═══ Records shown ═══
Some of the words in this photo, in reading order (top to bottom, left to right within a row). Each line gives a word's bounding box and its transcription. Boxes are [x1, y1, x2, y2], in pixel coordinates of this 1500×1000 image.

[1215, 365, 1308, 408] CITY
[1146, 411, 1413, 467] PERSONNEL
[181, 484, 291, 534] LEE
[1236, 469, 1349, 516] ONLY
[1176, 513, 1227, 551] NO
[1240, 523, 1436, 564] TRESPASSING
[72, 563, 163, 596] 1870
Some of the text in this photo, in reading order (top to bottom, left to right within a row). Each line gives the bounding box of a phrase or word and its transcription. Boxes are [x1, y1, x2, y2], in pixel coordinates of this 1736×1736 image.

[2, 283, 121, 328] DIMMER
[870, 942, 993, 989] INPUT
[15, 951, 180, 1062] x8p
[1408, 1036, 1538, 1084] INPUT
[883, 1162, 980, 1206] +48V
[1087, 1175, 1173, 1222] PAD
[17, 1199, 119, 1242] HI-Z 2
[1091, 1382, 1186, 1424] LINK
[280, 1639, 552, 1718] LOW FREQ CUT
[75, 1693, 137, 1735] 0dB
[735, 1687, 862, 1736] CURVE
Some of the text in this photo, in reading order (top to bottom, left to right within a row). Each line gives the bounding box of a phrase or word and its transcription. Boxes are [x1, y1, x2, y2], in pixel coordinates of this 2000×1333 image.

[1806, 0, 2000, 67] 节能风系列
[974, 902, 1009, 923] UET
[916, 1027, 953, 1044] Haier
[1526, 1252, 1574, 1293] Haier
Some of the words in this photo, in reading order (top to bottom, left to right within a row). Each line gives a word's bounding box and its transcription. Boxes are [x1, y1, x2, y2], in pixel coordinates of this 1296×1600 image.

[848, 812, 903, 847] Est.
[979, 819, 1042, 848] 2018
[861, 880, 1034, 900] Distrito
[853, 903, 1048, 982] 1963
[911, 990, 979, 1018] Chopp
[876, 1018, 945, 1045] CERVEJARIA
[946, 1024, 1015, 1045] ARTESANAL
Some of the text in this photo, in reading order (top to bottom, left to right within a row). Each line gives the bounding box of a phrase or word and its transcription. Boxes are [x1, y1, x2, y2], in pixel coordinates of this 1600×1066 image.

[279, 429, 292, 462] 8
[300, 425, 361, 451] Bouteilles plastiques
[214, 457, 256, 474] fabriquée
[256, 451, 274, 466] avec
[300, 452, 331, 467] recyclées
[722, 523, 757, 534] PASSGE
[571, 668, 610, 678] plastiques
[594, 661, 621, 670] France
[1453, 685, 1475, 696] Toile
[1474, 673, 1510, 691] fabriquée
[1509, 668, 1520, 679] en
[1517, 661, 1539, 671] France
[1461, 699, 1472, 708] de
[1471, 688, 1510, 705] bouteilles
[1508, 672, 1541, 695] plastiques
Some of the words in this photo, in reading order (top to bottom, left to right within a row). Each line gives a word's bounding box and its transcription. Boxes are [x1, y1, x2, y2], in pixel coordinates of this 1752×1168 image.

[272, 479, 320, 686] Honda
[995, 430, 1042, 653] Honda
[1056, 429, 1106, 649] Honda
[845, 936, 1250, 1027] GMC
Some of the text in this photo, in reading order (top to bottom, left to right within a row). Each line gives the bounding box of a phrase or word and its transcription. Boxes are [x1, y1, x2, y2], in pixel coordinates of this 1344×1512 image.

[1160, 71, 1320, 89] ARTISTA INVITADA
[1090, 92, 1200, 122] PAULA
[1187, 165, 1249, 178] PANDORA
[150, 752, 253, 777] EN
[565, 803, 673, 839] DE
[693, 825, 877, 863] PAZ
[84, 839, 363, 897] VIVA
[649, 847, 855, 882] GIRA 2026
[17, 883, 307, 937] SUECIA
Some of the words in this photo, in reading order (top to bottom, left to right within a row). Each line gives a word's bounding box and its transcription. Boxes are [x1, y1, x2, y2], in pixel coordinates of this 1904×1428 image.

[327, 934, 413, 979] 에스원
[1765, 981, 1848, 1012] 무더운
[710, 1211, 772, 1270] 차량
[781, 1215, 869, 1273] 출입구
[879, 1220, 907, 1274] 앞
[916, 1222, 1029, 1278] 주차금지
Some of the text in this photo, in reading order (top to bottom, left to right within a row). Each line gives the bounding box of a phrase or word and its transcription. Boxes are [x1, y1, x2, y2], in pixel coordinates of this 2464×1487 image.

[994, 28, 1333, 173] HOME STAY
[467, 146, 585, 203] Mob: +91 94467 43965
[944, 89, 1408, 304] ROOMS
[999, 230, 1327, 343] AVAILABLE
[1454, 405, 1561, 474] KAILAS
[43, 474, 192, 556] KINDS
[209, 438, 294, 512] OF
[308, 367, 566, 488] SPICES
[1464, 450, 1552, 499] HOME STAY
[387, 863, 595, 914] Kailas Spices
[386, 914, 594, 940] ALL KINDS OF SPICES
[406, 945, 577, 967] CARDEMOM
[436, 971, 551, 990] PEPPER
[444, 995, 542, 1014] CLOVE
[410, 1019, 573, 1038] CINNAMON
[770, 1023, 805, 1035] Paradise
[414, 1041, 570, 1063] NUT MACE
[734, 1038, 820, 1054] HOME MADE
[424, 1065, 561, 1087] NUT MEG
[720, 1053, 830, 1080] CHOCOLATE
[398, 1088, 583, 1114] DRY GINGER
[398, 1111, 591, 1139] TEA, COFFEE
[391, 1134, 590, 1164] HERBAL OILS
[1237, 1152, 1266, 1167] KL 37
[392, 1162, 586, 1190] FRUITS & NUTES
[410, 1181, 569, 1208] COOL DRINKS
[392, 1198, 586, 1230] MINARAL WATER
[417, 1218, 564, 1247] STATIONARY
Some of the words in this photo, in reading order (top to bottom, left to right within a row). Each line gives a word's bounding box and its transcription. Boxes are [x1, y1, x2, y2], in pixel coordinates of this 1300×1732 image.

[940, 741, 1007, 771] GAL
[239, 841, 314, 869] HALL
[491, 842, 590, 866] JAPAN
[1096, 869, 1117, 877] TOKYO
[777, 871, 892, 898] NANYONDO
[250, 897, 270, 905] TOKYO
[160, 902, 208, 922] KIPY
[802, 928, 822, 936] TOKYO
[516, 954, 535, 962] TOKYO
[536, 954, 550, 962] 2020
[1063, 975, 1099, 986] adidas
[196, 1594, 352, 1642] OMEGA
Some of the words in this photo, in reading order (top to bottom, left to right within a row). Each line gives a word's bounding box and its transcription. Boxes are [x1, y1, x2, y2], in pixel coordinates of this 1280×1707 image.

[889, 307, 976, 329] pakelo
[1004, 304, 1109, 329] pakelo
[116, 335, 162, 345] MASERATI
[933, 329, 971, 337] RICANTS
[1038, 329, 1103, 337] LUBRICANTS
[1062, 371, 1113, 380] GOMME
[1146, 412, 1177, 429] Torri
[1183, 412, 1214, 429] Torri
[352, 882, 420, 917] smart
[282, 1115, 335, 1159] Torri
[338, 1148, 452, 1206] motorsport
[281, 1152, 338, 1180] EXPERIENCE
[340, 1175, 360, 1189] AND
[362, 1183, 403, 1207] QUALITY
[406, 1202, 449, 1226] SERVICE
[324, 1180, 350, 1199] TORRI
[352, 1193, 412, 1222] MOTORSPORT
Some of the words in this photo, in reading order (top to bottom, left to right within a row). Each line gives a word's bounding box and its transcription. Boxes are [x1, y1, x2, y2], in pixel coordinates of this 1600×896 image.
═══
> [What this task involves]: Return every record above. Copy each one exactly.

> [Solution for this exercise]:
Some of the words in this photo, in reading order (top to bottom, left to right within a row). Each line gives a word's bounding box and its transcription. Boxes are [x1, y1, x2, y2], in pixel coordinates of this 1500×1000 image.

[1215, 365, 1308, 408] CITY
[1146, 411, 1413, 467] PERSONNEL
[181, 484, 291, 534] LEE
[1236, 469, 1349, 516] ONLY
[1176, 513, 1227, 551] NO
[1240, 523, 1436, 564] TRESPASSING
[72, 563, 163, 596] 1870
Some of the text in this photo, in reading order (top to bottom, left to right within a row). Each line gives the bounding box of a phrase or word and its transcription. Boxes are [x1, y1, x2, y2], in pixel coordinates of this 1736×1736 image.

[2, 283, 121, 328] DIMMER
[870, 942, 993, 989] INPUT
[15, 951, 180, 1062] x8p
[1408, 1036, 1538, 1084] INPUT
[883, 1162, 980, 1206] +48V
[1087, 1175, 1173, 1222] PAD
[17, 1199, 119, 1242] HI-Z 2
[1091, 1382, 1186, 1424] LINK
[280, 1639, 552, 1718] LOW FREQ CUT
[75, 1693, 137, 1735] 0dB
[735, 1687, 862, 1736] CURVE
Some of the text in this photo, in reading order (top to bottom, left to right within a row). Each line gives the bounding box of a phrase or word and its transcription. Boxes are [x1, y1, x2, y2], in pixel coordinates of this 2000×1333 image.

[1806, 0, 2000, 67] 节能风系列
[974, 902, 1009, 923] UET
[916, 1027, 953, 1044] Haier
[1526, 1252, 1574, 1293] Haier
Some of the words in this photo, in reading order (top to bottom, left to right within a row). Each line gives a word's bounding box and its transcription. Boxes are [x1, y1, x2, y2], in pixel coordinates of this 1296×1600 image.

[848, 812, 903, 847] Est.
[979, 819, 1042, 848] 2018
[861, 880, 1034, 900] Distrito
[853, 903, 1048, 982] 1963
[911, 990, 979, 1018] Chopp
[876, 1018, 945, 1045] CERVEJARIA
[946, 1024, 1015, 1045] ARTESANAL
Some of the text in this photo, in reading order (top to bottom, left to right within a row). Each line gives the bounding box of a phrase or word and its transcription. Boxes are [x1, y1, x2, y2], in pixel coordinates of this 1600×1066 image.

[279, 429, 292, 462] 8
[300, 425, 361, 451] Bouteilles plastiques
[214, 457, 256, 474] fabriquée
[256, 451, 274, 466] avec
[300, 452, 331, 467] recyclées
[722, 523, 757, 534] PASSGE
[571, 668, 610, 678] plastiques
[594, 661, 621, 670] France
[1453, 685, 1475, 696] Toile
[1474, 673, 1510, 691] fabriquée
[1509, 668, 1520, 679] en
[1517, 661, 1539, 671] France
[1461, 699, 1472, 708] de
[1471, 688, 1510, 705] bouteilles
[1508, 672, 1541, 695] plastiques
Some of the words in this photo, in reading order (top to bottom, left to right within a row). Each line gives a word's bounding box and its transcription. Boxes are [x1, y1, x2, y2], in pixel coordinates of this 1752×1168 image.

[272, 479, 320, 686] Honda
[995, 430, 1042, 653] Honda
[1056, 429, 1106, 649] Honda
[845, 936, 1250, 1027] GMC
Some of the text in this photo, in reading order (top to bottom, left to right within a row). Each line gives the bounding box of a phrase or word and its transcription. Boxes are [x1, y1, x2, y2], in pixel coordinates of this 1344×1512 image.

[1160, 71, 1320, 89] ARTISTA INVITADA
[1090, 92, 1200, 122] PAULA
[1187, 165, 1249, 178] PANDORA
[150, 752, 253, 777] EN
[565, 803, 673, 839] DE
[693, 825, 877, 863] PAZ
[84, 839, 363, 897] VIVA
[649, 847, 855, 882] GIRA 2026
[17, 883, 307, 937] SUECIA
Some of the words in this photo, in reading order (top to bottom, left to right within a row). Each line gives a word's bounding box and its transcription. Boxes are [x1, y1, x2, y2], in pixel coordinates of this 1904×1428 image.

[327, 934, 413, 979] 에스원
[1765, 981, 1848, 1012] 무더운
[710, 1211, 772, 1270] 차량
[781, 1215, 869, 1273] 출입구
[879, 1220, 907, 1274] 앞
[916, 1222, 1029, 1278] 주차금지
Some of the text in this photo, in reading order (top to bottom, left to right within a row). Each line gives the bounding box of a phrase or word and its transcription. Boxes are [x1, y1, x2, y2], in pixel coordinates of this 2464×1487 image.

[994, 28, 1333, 173] HOME STAY
[467, 146, 585, 203] Mob: +91 94467 43965
[944, 89, 1408, 304] ROOMS
[999, 230, 1327, 343] AVAILABLE
[1454, 405, 1561, 474] KAILAS
[43, 474, 192, 556] KINDS
[209, 438, 294, 512] OF
[308, 367, 566, 488] SPICES
[1464, 450, 1552, 499] HOME STAY
[387, 863, 595, 914] Kailas Spices
[386, 914, 594, 940] ALL KINDS OF SPICES
[406, 945, 577, 967] CARDEMOM
[436, 971, 551, 990] PEPPER
[444, 995, 542, 1014] CLOVE
[410, 1019, 573, 1038] CINNAMON
[770, 1023, 805, 1035] Paradise
[414, 1041, 570, 1063] NUT MACE
[734, 1038, 820, 1054] HOME MADE
[424, 1065, 561, 1087] NUT MEG
[720, 1053, 830, 1080] CHOCOLATE
[398, 1088, 583, 1114] DRY GINGER
[398, 1111, 591, 1139] TEA, COFFEE
[391, 1134, 590, 1164] HERBAL OILS
[1237, 1152, 1266, 1167] KL 37
[392, 1162, 586, 1190] FRUITS & NUTES
[410, 1181, 569, 1208] COOL DRINKS
[392, 1198, 586, 1230] MINARAL WATER
[417, 1218, 564, 1247] STATIONARY
Some of the words in this photo, in reading order (top to bottom, left to right within a row). Each line gives a word's bounding box and its transcription. Boxes are [x1, y1, x2, y2], in pixel coordinates of this 1300×1732 image.

[940, 741, 1007, 771] GAL
[239, 841, 314, 869] HALL
[491, 842, 590, 866] JAPAN
[1096, 869, 1117, 877] TOKYO
[777, 871, 892, 898] NANYONDO
[250, 897, 270, 905] TOKYO
[160, 902, 208, 922] KIPY
[802, 928, 822, 936] TOKYO
[516, 954, 535, 962] TOKYO
[536, 954, 550, 962] 2020
[1063, 975, 1099, 986] adidas
[196, 1594, 352, 1642] OMEGA
Some of the words in this photo, in reading order (top to bottom, left to right within a row). Each line gives a word's bounding box and its transcription. Boxes are [x1, y1, x2, y2], in pixel coordinates of this 1280×1707 image.

[889, 307, 976, 329] pakelo
[1004, 304, 1109, 329] pakelo
[116, 335, 162, 345] MASERATI
[933, 329, 971, 337] RICANTS
[1038, 329, 1103, 337] LUBRICANTS
[1062, 371, 1113, 380] GOMME
[1146, 412, 1177, 429] Torri
[1183, 412, 1214, 429] Torri
[352, 882, 420, 917] smart
[282, 1115, 335, 1159] Torri
[338, 1148, 452, 1206] motorsport
[281, 1152, 338, 1180] EXPERIENCE
[340, 1175, 360, 1189] AND
[362, 1183, 403, 1207] QUALITY
[406, 1202, 449, 1226] SERVICE
[324, 1180, 350, 1199] TORRI
[352, 1193, 412, 1222] MOTORSPORT
Some of the words in this photo, in reading order (top to bottom, left to right within a row). Each line gives a word's bounding box and its transcription. Boxes are [x1, y1, x2, y2], in pixel coordinates of this 1600×896 image.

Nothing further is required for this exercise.